Régime micro-BIC : définition et cadre fiscal

Activités éligibles au micro-BIC : vente, prestations de services et location meublée

Seuils de chiffre d'affaires 2026 à ne pas dépasser

Abattement forfaitaire : comment est calculé l'impôt sur le revenu

Obligations comptables et déclaratives simplifiées

Franchise en base de TVA : seuils et fonctionnement

Micro-BIC vs régime réel simplifié : quel régime choisir ?

Dépassement de seuils et basculement automatique au régime réel

FAQ

Pour aller plus loin

Régime micro-BIC : définition et cadre fiscal

Le régime micro-BIC (bénéfices industriels et commerciaux) est un régime fiscal simplifié réservé aux entrepreneurs individuels dont le chiffre d'affaires reste en dessous de certains plafonds. Il constitue le cadre d'imposition par défaut pour les petites activités commerciales, artisanales et de location meublée non professionnelle.

Concrètement, ce régime dispense l'entrepreneur de calculer un bénéfice net réel. L'administration fiscale applique un abattement forfaitaire sur le chiffre d'affaires déclaré, puis intègre le montant restant dans le revenu imposable du foyer fiscal. Le contribuable est donc soumis à l'impôt sur le revenu selon le barème progressif, et non à l'impôt sur les sociétés.
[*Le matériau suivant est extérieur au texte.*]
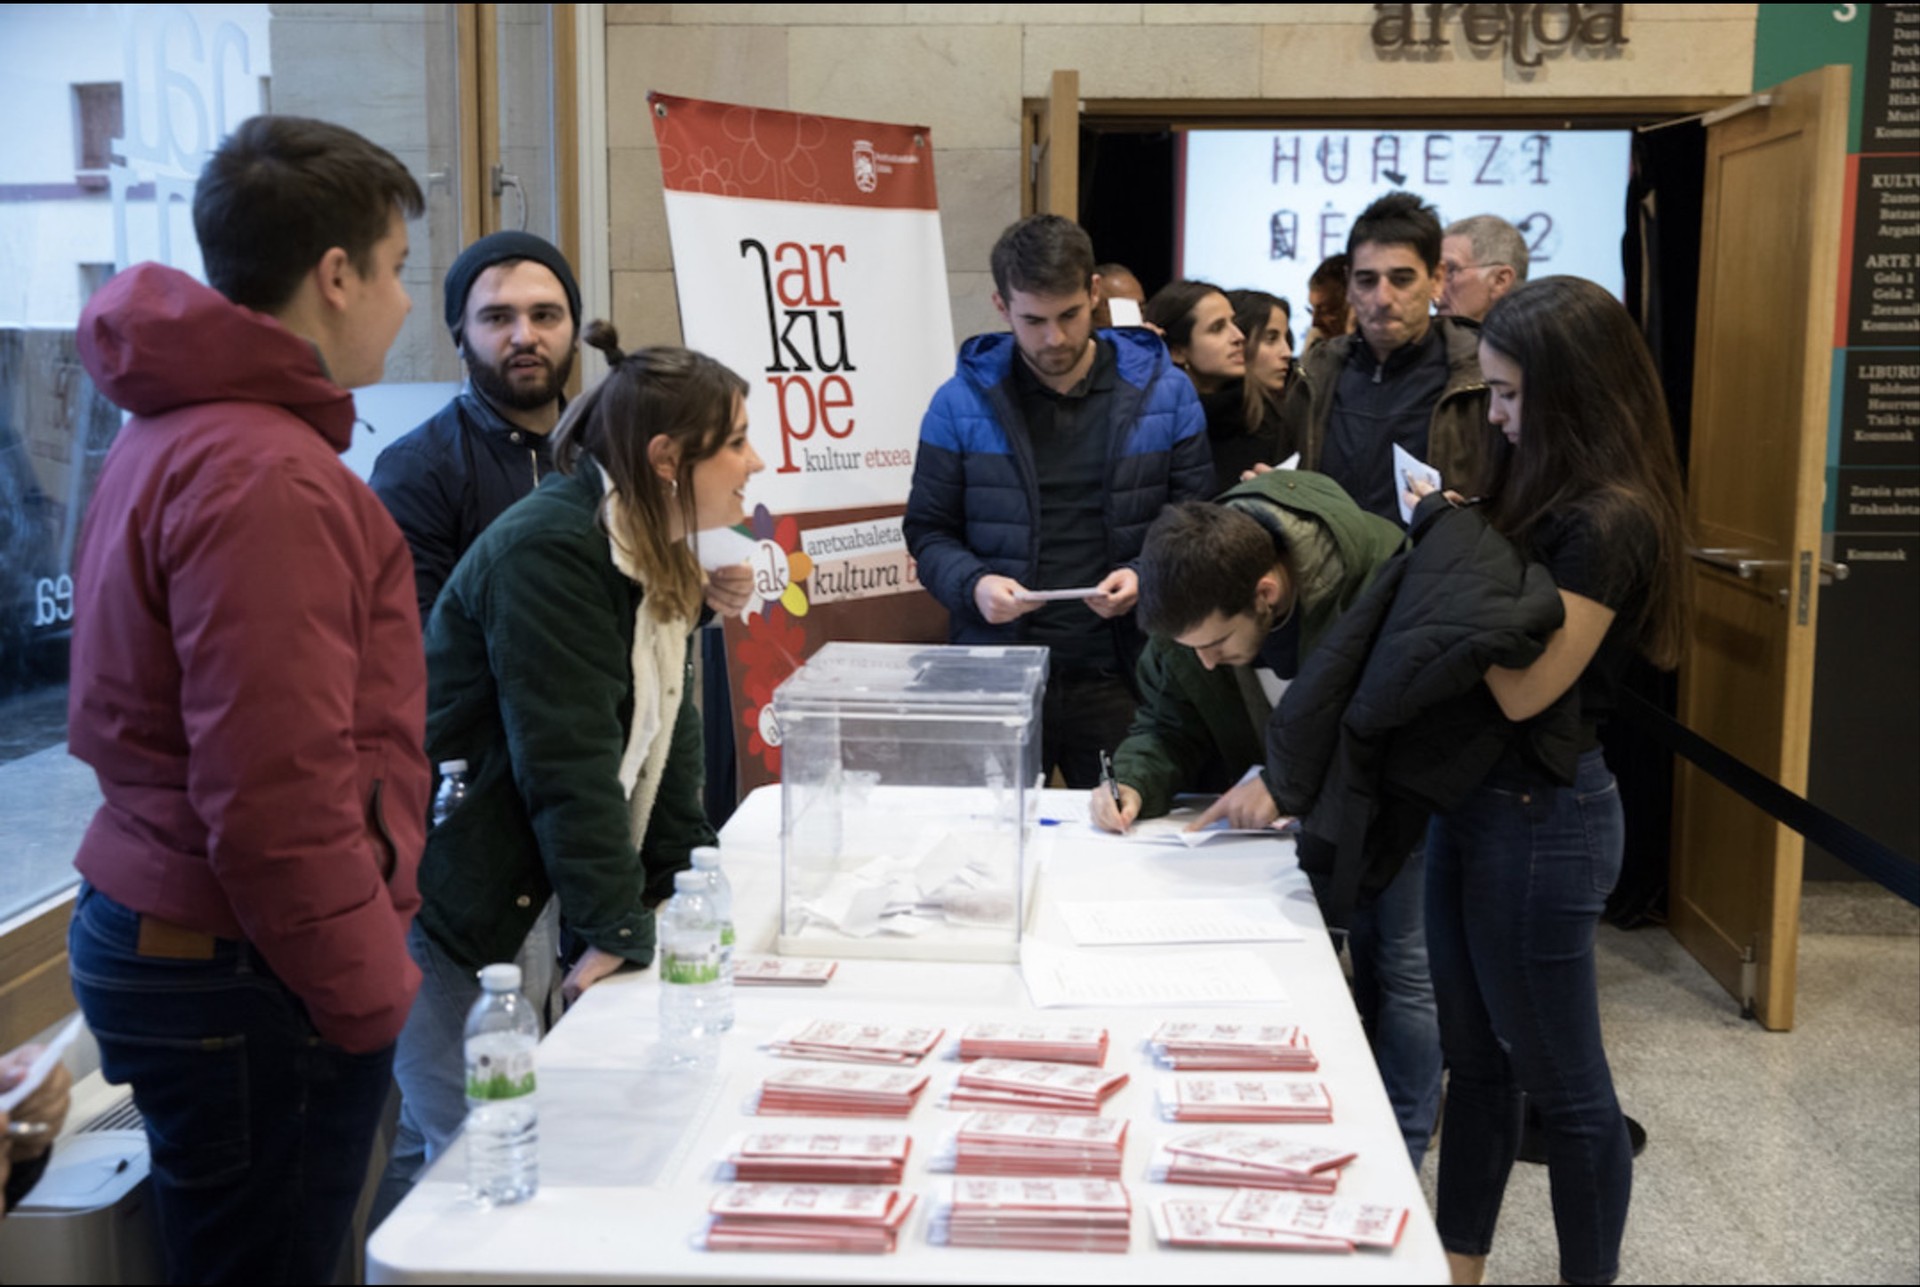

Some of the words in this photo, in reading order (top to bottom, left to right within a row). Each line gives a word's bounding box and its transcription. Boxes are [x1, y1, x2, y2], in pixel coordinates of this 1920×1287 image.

[774, 241, 847, 308] ar
[1865, 254, 1912, 269] ARTE
[767, 374, 856, 474] pe
[803, 446, 861, 473] kultur
[865, 447, 913, 468] etxea
[807, 524, 903, 557] aretxabaleta
[756, 543, 788, 594] ak
[813, 560, 900, 596] kultura
Ce mécanisme repose sur une logique de simplification : moins de formalités comptables, moins de documents à produire, mais aussi moins de marge de manœuvre pour optimiser la base imposable. Le régime micro-BIC s'adresse aux entrepreneurs dont la structure de coûts reste faible par rapport au chiffre d'affaires encaissé.
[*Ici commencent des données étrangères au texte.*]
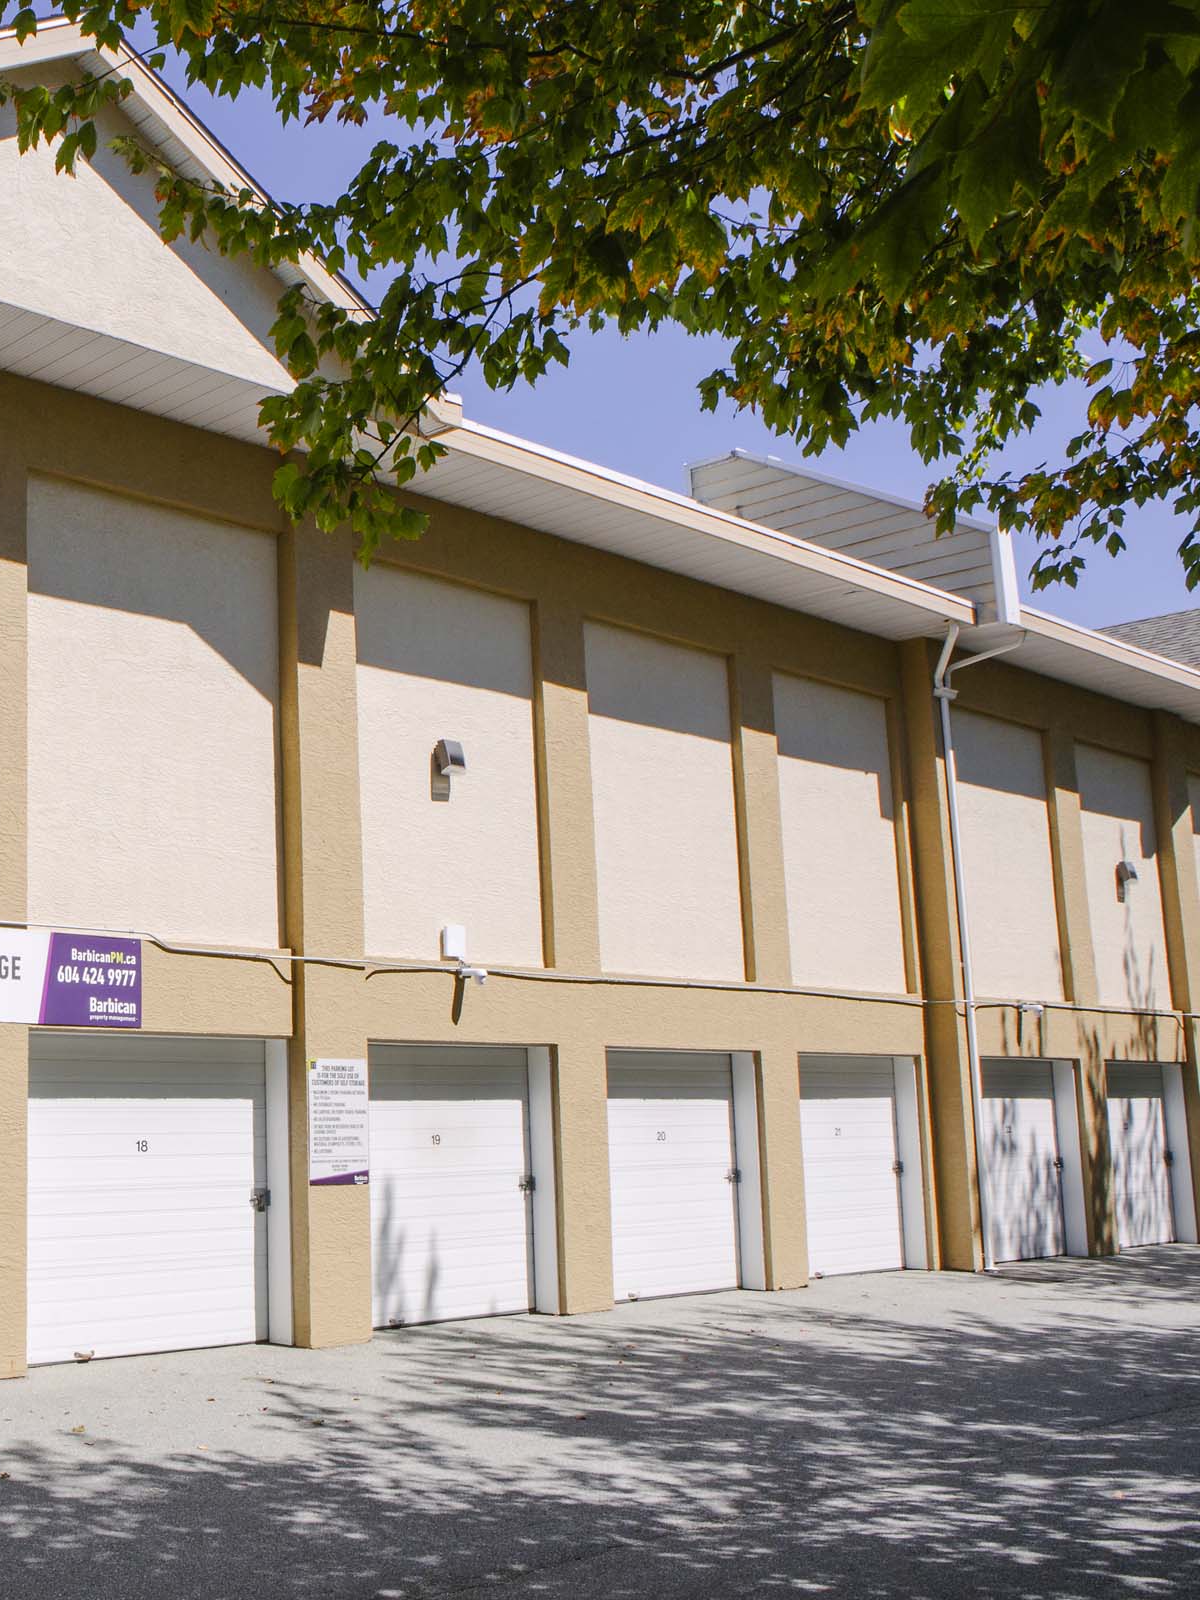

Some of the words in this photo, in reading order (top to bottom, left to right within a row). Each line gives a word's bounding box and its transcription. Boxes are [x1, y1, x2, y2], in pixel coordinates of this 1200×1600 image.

[71, 948, 136, 965] BarbicanPM.ca
[57, 965, 80, 983] 604
[82, 966, 105, 985] 424
[107, 968, 136, 987] 9977
[89, 997, 136, 1015] Barbican
[656, 1131, 666, 1141] 20
[835, 1127, 841, 1136] 21
[136, 1139, 149, 1153] 18
[431, 1134, 441, 1145] 19
Il ne faut pas confondre micro-BIC et micro-BNC. Le micro-BNC concerne les professions libérales relevant des bénéfices non commerciaux (consultants, formateurs, professions réglementées). Le micro-BIC, lui, vise exclusivement les activités de nature commerciale ou artisanale au sens du code général des impôts.

Activités éligibles au micro-BIC : vente, prestations de services et location meublée

Trois catégories d'activités ouvrent droit au régime micro-BIC, chacune soumise à des seuils et des abattements distincts.

La vente de marchandises englobe le commerce de détail, la vente en ligne, la restauration à emporter et les activités de fourniture de denrées. L'achat-revente de biens, y compris via des plateformes numériques, entre dans cette catégorie.

Les prestations de services commerciales et artisanales couvrent un spectre large : réparation, entretien, transport, coiffure, bâtiment, services informatiques facturés sous statut artisanal ou commercial. Le critère déterminant est l'inscription au registre du commerce et des sociétés (RCS) ou au répertoire des métiers.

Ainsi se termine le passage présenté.